- **Instructions for the task**
When you set down the entries, keep every word exactly as it is but drop the pictures.

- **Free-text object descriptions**
--- START ---

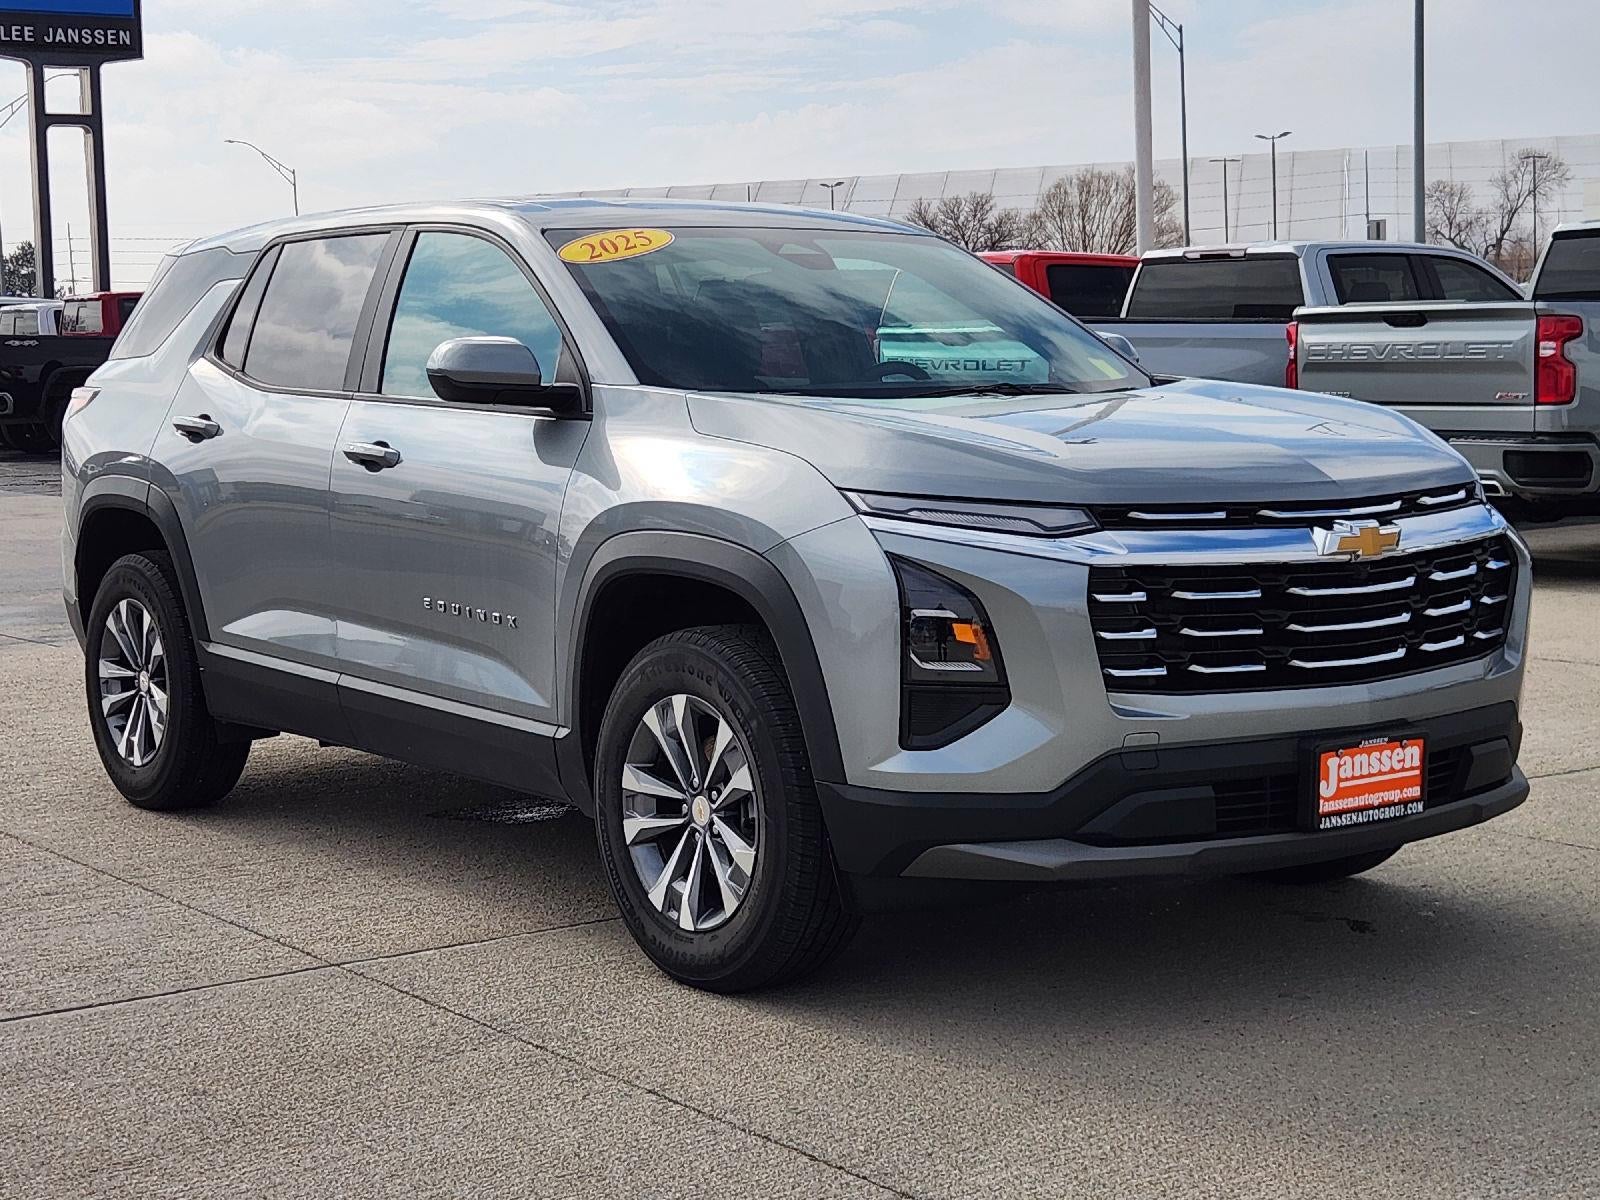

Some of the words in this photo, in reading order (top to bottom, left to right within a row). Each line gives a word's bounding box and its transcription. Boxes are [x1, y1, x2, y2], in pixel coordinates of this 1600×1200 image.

[0, 25, 35, 42] LEE
[44, 27, 131, 45] JANSSEN
[580, 231, 653, 260] 2025
[1306, 343, 1514, 361] CHEVROLET
[423, 597, 518, 628] EQUINOX
[1320, 745, 1420, 798] Janssen
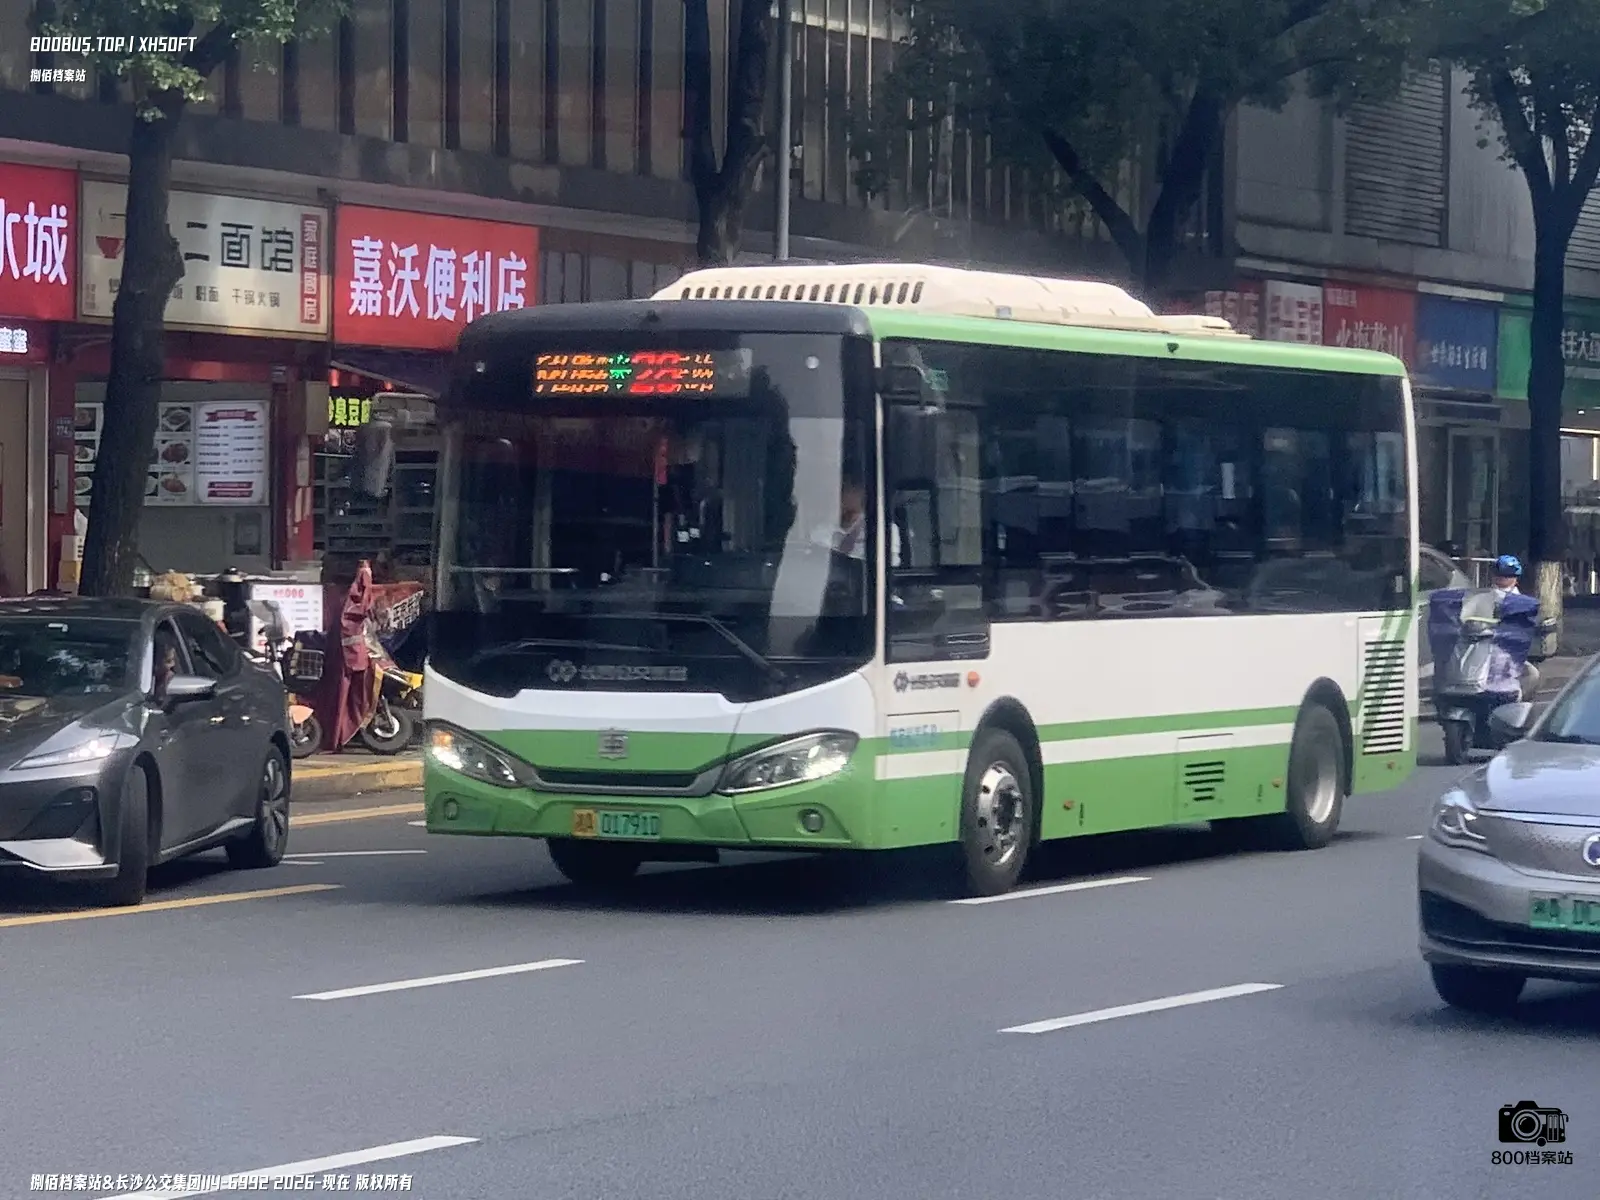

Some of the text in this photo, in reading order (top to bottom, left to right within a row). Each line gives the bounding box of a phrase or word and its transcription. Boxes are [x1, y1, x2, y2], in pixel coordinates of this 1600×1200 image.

[348, 235, 527, 324] 嘉沃便利店
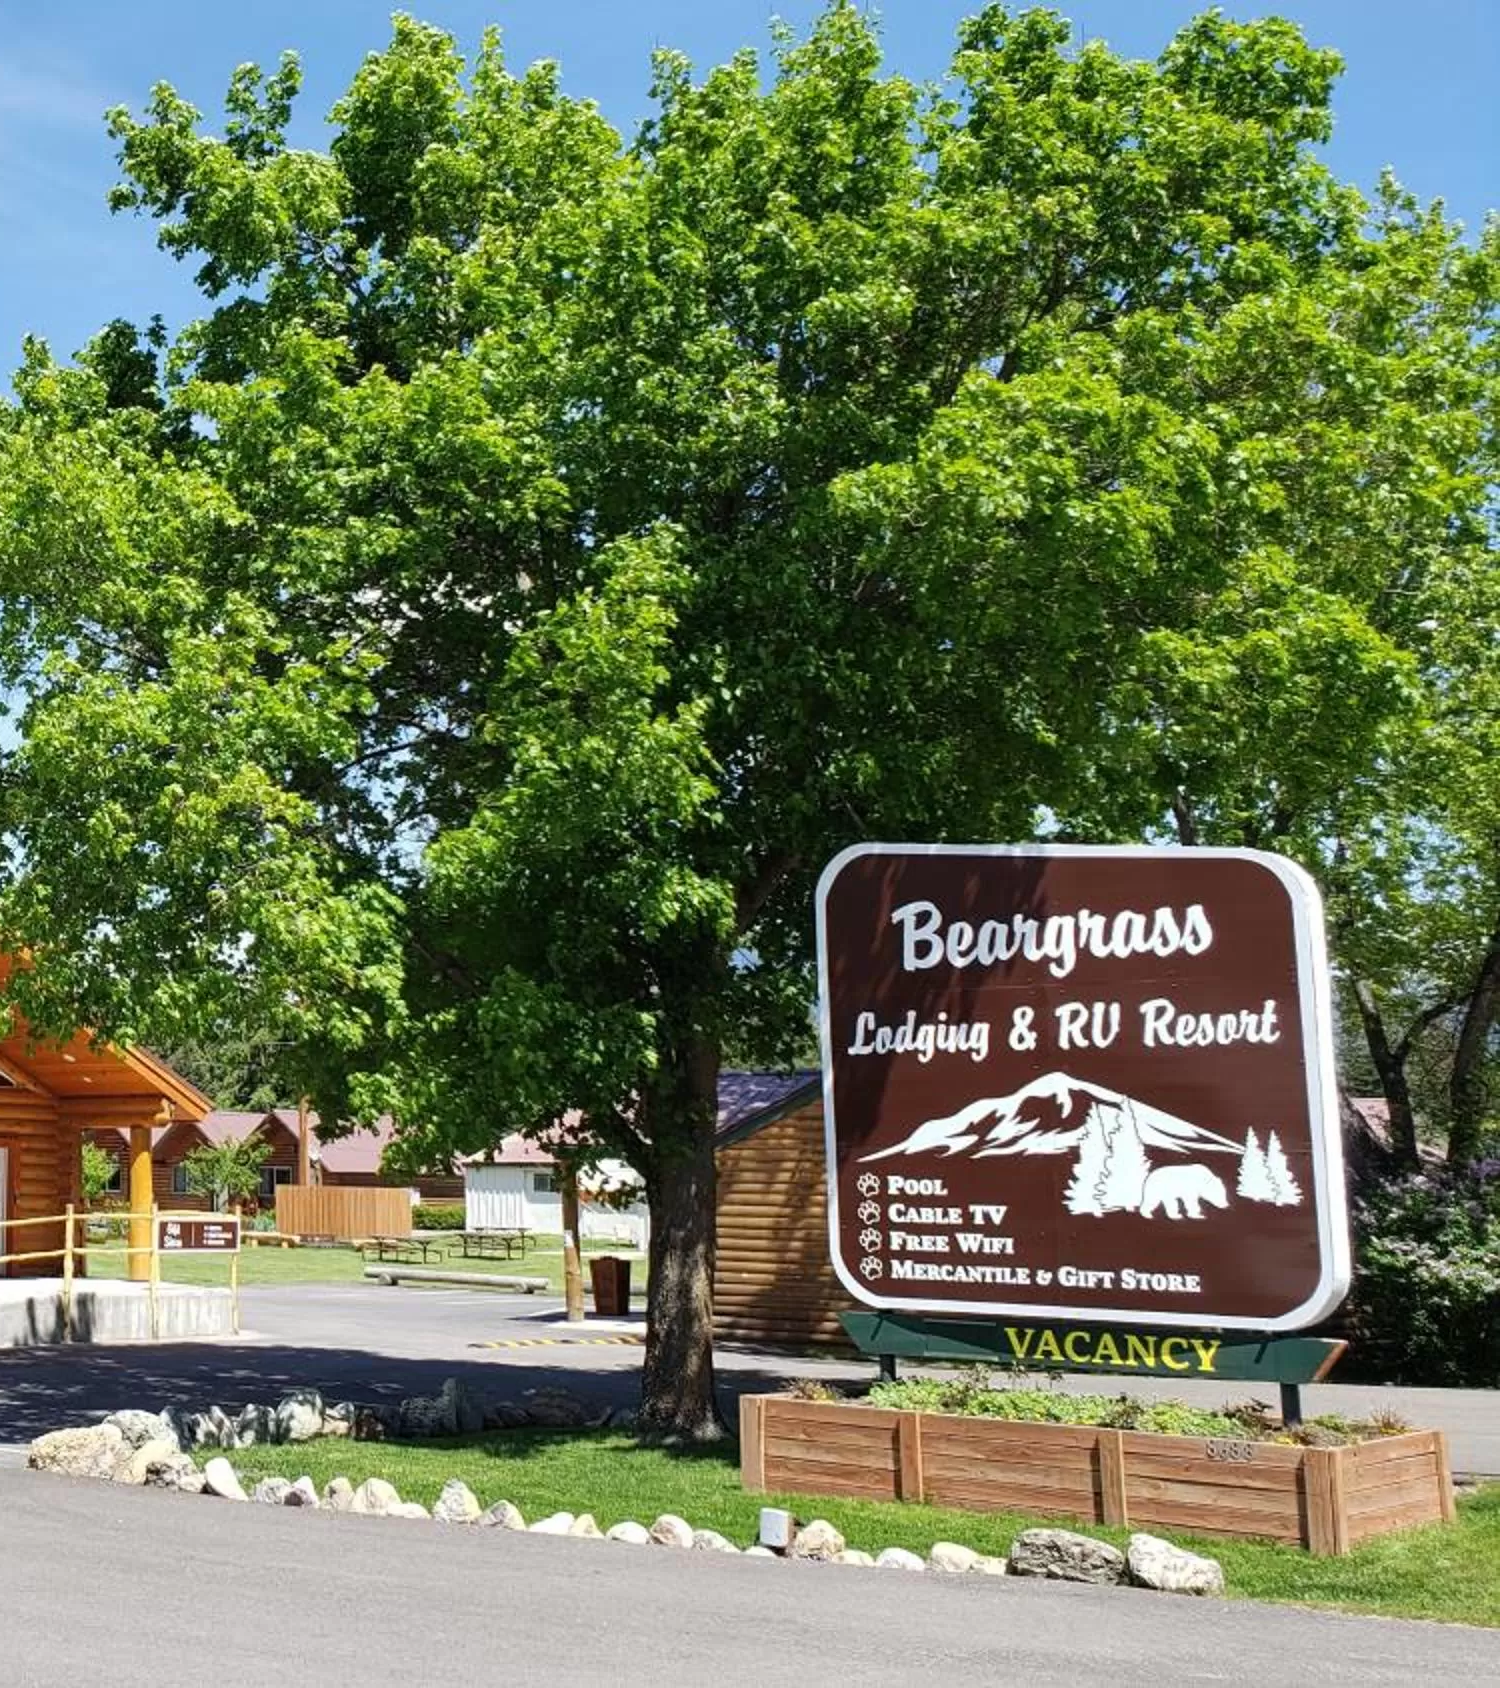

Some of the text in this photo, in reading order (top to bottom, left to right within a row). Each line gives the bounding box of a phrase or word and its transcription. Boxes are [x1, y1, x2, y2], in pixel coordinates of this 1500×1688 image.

[891, 900, 1214, 978] Beargrass
[848, 998, 1281, 1063] Lodging & RV Resort
[887, 1175, 948, 1196] POOL
[888, 1204, 1008, 1226] CABLE TV
[889, 1231, 950, 1253] FREE
[890, 1259, 1202, 1293] MERCANTILE & GIFT STORE
[1003, 1327, 1223, 1373] VACANCY
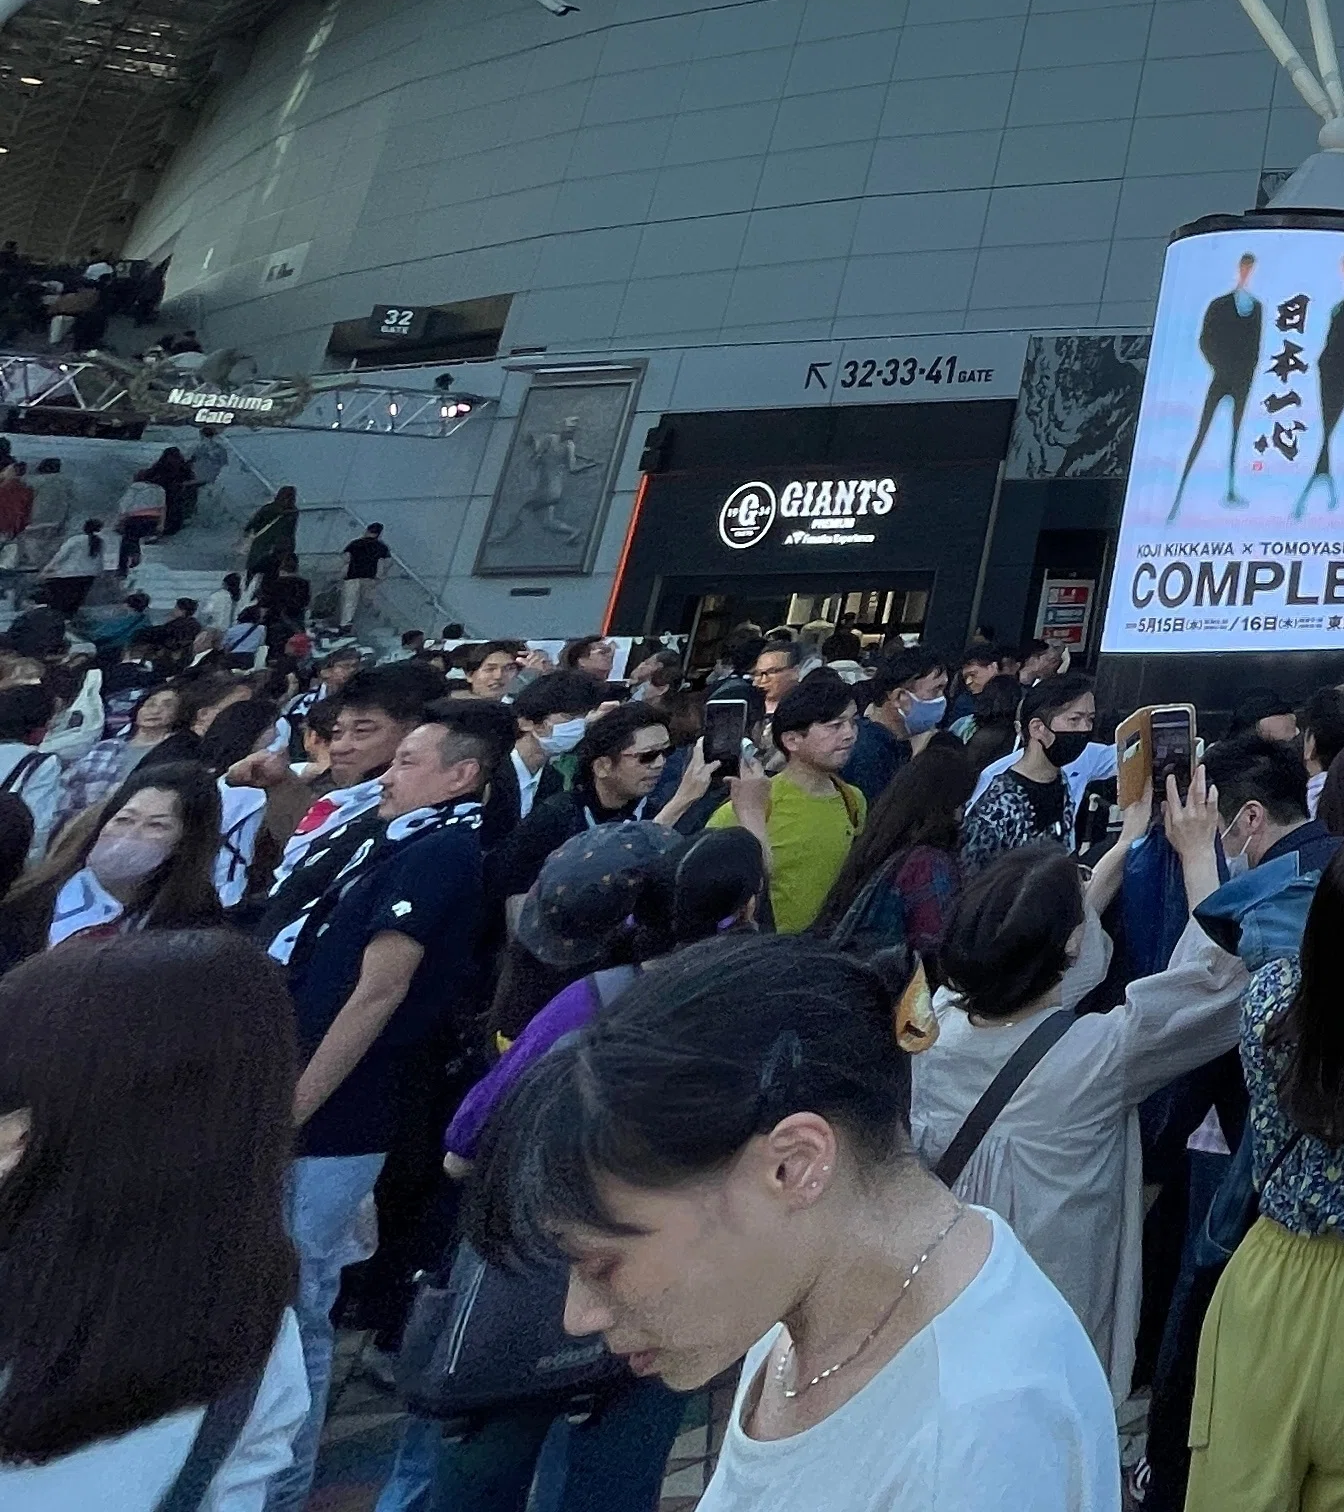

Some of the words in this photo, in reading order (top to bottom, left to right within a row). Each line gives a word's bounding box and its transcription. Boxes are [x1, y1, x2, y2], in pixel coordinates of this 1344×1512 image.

--- END ---

- **Result below**
Some of the words in this photo, in reading order (top to bottom, left to right within a row). Each line gives a word's bounding box and its transcription. Boxes are [x1, y1, x2, y2], in pixel coordinates of this 1600×1200 image.

[0, 25, 35, 42] LEE
[44, 27, 131, 45] JANSSEN
[580, 231, 653, 260] 2025
[1306, 343, 1514, 361] CHEVROLET
[423, 597, 518, 628] EQUINOX
[1320, 745, 1420, 798] Janssen

Some of the text in this photo, in reading order (top to bottom, left to right within a row). Each line gives the bounding box of a phrase or word and its transcription. Boxes are [x1, y1, x2, y2], in pixel coordinates of this 1600×1200 image.

[348, 235, 527, 324] 嘉沃便利店

Some of the text in this photo, in reading order (top to bottom, left to right within a row). Each line gives the bounding box of a phrase or word and its transcription. Boxes are [x1, y1, x2, y2], in pixel coordinates of this 1500×1688 image.

[891, 900, 1214, 978] Beargrass
[848, 998, 1281, 1063] Lodging & RV Resort
[887, 1175, 948, 1196] POOL
[888, 1204, 1008, 1226] CABLE TV
[889, 1231, 950, 1253] FREE
[890, 1259, 1202, 1293] MERCANTILE & GIFT STORE
[1003, 1327, 1223, 1373] VACANCY

Some of the words in this photo, in reading order (top to bottom, left to right within a row). Each line gives a word's bounding box and its transcription. Boxes are [x1, y1, x2, y2], in pixel coordinates of this 1344×1512 image.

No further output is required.